Exercise details: Whatever appears in the data below, copy it exactly.

START Exercise input

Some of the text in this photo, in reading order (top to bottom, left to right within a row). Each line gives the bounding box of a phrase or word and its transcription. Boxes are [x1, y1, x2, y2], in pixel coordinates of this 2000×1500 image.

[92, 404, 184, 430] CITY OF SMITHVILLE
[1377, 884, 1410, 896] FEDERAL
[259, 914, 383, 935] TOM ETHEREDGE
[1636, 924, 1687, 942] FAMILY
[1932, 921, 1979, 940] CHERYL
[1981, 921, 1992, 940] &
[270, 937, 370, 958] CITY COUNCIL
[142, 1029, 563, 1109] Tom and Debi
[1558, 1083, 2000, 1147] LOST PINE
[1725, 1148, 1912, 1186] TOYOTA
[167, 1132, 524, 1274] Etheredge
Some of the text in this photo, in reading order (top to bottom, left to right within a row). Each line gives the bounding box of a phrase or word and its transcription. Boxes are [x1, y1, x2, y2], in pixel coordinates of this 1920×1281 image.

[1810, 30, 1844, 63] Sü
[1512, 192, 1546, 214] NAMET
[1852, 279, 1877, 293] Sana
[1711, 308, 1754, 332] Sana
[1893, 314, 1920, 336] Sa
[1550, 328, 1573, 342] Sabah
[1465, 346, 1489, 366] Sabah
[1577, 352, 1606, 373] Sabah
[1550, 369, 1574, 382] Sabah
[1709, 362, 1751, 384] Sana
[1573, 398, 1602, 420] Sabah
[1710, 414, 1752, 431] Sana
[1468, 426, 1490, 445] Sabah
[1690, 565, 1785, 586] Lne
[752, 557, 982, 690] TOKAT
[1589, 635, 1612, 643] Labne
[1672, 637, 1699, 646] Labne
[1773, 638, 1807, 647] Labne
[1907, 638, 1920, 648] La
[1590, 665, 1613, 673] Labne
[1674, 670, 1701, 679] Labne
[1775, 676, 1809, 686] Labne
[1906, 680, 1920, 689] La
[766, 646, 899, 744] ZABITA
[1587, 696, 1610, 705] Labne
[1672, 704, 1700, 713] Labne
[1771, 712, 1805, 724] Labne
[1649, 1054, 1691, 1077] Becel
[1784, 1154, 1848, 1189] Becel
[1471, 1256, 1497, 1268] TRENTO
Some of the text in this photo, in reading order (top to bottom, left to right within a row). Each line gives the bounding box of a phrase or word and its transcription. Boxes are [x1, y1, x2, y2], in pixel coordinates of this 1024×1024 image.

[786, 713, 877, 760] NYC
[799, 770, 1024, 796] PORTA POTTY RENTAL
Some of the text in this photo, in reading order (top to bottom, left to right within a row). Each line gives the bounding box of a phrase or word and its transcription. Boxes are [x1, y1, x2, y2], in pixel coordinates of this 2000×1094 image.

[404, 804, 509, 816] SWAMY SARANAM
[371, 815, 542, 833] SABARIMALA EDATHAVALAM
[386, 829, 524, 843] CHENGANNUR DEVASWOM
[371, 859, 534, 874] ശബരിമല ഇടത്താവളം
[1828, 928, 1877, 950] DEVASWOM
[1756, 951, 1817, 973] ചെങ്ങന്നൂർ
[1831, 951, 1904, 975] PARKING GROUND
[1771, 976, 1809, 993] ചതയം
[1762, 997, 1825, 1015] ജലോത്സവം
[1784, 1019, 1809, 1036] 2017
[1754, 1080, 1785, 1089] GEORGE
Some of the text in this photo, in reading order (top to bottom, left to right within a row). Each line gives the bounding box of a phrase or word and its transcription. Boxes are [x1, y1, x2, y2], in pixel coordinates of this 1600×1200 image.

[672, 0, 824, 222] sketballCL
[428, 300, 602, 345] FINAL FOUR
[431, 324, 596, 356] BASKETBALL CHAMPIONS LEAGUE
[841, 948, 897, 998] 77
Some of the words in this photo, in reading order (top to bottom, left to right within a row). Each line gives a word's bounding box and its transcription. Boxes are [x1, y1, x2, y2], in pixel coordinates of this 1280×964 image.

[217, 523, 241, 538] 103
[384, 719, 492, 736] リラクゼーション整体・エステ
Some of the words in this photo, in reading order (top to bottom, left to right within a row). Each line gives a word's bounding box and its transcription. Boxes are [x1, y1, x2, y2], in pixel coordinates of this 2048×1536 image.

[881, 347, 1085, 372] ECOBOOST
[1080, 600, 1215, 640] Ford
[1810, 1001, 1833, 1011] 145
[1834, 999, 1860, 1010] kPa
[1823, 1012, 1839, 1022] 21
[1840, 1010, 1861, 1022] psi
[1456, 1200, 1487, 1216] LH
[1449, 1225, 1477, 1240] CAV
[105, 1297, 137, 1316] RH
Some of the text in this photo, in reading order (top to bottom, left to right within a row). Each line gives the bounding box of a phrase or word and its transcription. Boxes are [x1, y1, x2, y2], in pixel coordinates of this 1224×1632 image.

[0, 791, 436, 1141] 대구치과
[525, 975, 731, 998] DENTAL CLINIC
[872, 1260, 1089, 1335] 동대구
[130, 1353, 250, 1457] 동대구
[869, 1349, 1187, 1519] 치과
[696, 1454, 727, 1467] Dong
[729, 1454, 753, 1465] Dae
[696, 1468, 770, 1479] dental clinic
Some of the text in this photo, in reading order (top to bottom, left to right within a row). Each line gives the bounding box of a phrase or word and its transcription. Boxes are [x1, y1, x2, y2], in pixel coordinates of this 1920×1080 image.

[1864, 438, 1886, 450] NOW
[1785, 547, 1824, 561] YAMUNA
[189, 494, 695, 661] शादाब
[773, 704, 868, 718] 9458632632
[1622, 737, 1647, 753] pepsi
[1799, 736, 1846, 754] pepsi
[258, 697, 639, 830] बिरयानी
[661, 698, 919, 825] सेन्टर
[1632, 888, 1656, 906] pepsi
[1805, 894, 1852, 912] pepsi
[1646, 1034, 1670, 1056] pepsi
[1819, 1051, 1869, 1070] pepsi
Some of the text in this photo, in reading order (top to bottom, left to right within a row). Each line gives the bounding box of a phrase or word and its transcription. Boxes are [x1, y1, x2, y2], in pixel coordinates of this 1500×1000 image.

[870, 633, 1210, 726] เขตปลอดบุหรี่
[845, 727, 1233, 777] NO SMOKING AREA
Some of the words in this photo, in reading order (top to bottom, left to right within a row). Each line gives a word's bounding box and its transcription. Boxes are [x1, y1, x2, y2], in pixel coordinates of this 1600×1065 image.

END Exercise input

Response below:
Some of the text in this photo, in reading order (top to bottom, left to right within a row). Each line gives the bounding box of a phrase or word and its transcription. Boxes are [x1, y1, x2, y2], in pixel coordinates of this 2000×1500 image.

[92, 404, 184, 430] CITY OF SMITHVILLE
[1377, 884, 1410, 896] FEDERAL
[259, 914, 383, 935] TOM ETHEREDGE
[1636, 924, 1687, 942] FAMILY
[1932, 921, 1979, 940] CHERYL
[1981, 921, 1992, 940] &
[270, 937, 370, 958] CITY COUNCIL
[142, 1029, 563, 1109] Tom and Debi
[1558, 1083, 2000, 1147] LOST PINE
[1725, 1148, 1912, 1186] TOYOTA
[167, 1132, 524, 1274] Etheredge
Some of the text in this photo, in reading order (top to bottom, left to right within a row). Each line gives the bounding box of a phrase or word and its transcription. Boxes are [x1, y1, x2, y2], in pixel coordinates of this 1920×1281 image.

[1810, 30, 1844, 63] Sü
[1512, 192, 1546, 214] NAMET
[1852, 279, 1877, 293] Sana
[1711, 308, 1754, 332] Sana
[1893, 314, 1920, 336] Sa
[1550, 328, 1573, 342] Sabah
[1465, 346, 1489, 366] Sabah
[1577, 352, 1606, 373] Sabah
[1550, 369, 1574, 382] Sabah
[1709, 362, 1751, 384] Sana
[1573, 398, 1602, 420] Sabah
[1710, 414, 1752, 431] Sana
[1468, 426, 1490, 445] Sabah
[1690, 565, 1785, 586] Lne
[752, 557, 982, 690] TOKAT
[1589, 635, 1612, 643] Labne
[1672, 637, 1699, 646] Labne
[1773, 638, 1807, 647] Labne
[1907, 638, 1920, 648] La
[1590, 665, 1613, 673] Labne
[1674, 670, 1701, 679] Labne
[1775, 676, 1809, 686] Labne
[1906, 680, 1920, 689] La
[766, 646, 899, 744] ZABITA
[1587, 696, 1610, 705] Labne
[1672, 704, 1700, 713] Labne
[1771, 712, 1805, 724] Labne
[1649, 1054, 1691, 1077] Becel
[1784, 1154, 1848, 1189] Becel
[1471, 1256, 1497, 1268] TRENTO
Some of the text in this photo, in reading order (top to bottom, left to right within a row). Each line gives the bounding box of a phrase or word and its transcription. Boxes are [x1, y1, x2, y2], in pixel coordinates of this 1024×1024 image.

[786, 713, 877, 760] NYC
[799, 770, 1024, 796] PORTA POTTY RENTAL
Some of the text in this photo, in reading order (top to bottom, left to right within a row). Each line gives the bounding box of a phrase or word and its transcription. Boxes are [x1, y1, x2, y2], in pixel coordinates of this 2000×1094 image.

[404, 804, 509, 816] SWAMY SARANAM
[371, 815, 542, 833] SABARIMALA EDATHAVALAM
[386, 829, 524, 843] CHENGANNUR DEVASWOM
[371, 859, 534, 874] ശബരിമല ഇടത്താവളം
[1828, 928, 1877, 950] DEVASWOM
[1756, 951, 1817, 973] ചെങ്ങന്നൂർ
[1831, 951, 1904, 975] PARKING GROUND
[1771, 976, 1809, 993] ചതയം
[1762, 997, 1825, 1015] ജലോത്സവം
[1784, 1019, 1809, 1036] 2017
[1754, 1080, 1785, 1089] GEORGE
Some of the text in this photo, in reading order (top to bottom, left to right within a row). Each line gives the bounding box of a phrase or word and its transcription. Boxes are [x1, y1, x2, y2], in pixel coordinates of this 1600×1200 image.

[672, 0, 824, 222] sketballCL
[428, 300, 602, 345] FINAL FOUR
[431, 324, 596, 356] BASKETBALL CHAMPIONS LEAGUE
[841, 948, 897, 998] 77
Some of the words in this photo, in reading order (top to bottom, left to right within a row). Each line gives a word's bounding box and its transcription. Boxes are [x1, y1, x2, y2], in pixel coordinates of this 1280×964 image.

[217, 523, 241, 538] 103
[384, 719, 492, 736] リラクゼーション整体・エステ
Some of the words in this photo, in reading order (top to bottom, left to right within a row). Each line gives a word's bounding box and its transcription. Boxes are [x1, y1, x2, y2], in pixel coordinates of this 2048×1536 image.

[881, 347, 1085, 372] ECOBOOST
[1080, 600, 1215, 640] Ford
[1810, 1001, 1833, 1011] 145
[1834, 999, 1860, 1010] kPa
[1823, 1012, 1839, 1022] 21
[1840, 1010, 1861, 1022] psi
[1456, 1200, 1487, 1216] LH
[1449, 1225, 1477, 1240] CAV
[105, 1297, 137, 1316] RH
Some of the text in this photo, in reading order (top to bottom, left to right within a row). Each line gives the bounding box of a phrase or word and its transcription. Boxes are [x1, y1, x2, y2], in pixel coordinates of this 1224×1632 image.

[0, 791, 436, 1141] 대구치과
[525, 975, 731, 998] DENTAL CLINIC
[872, 1260, 1089, 1335] 동대구
[130, 1353, 250, 1457] 동대구
[869, 1349, 1187, 1519] 치과
[696, 1454, 727, 1467] Dong
[729, 1454, 753, 1465] Dae
[696, 1468, 770, 1479] dental clinic
Some of the text in this photo, in reading order (top to bottom, left to right within a row). Each line gives the bounding box of a phrase or word and its transcription. Boxes are [x1, y1, x2, y2], in pixel coordinates of this 1920×1080 image.

[1864, 438, 1886, 450] NOW
[1785, 547, 1824, 561] YAMUNA
[189, 494, 695, 661] शादाब
[773, 704, 868, 718] 9458632632
[1622, 737, 1647, 753] pepsi
[1799, 736, 1846, 754] pepsi
[258, 697, 639, 830] बिरयानी
[661, 698, 919, 825] सेन्टर
[1632, 888, 1656, 906] pepsi
[1805, 894, 1852, 912] pepsi
[1646, 1034, 1670, 1056] pepsi
[1819, 1051, 1869, 1070] pepsi
Some of the text in this photo, in reading order (top to bottom, left to right within a row). Each line gives the bounding box of a phrase or word and its transcription. Boxes are [x1, y1, x2, y2], in pixel coordinates of this 1500×1000 image.

[870, 633, 1210, 726] เขตปลอดบุหรี่
[845, 727, 1233, 777] NO SMOKING AREA
Some of the words in this photo, in reading order (top to bottom, left to right within a row). Each line gives a word's bounding box and its transcription. Boxes are [x1, y1, x2, y2], in pixel coordinates of this 1600×1065 image.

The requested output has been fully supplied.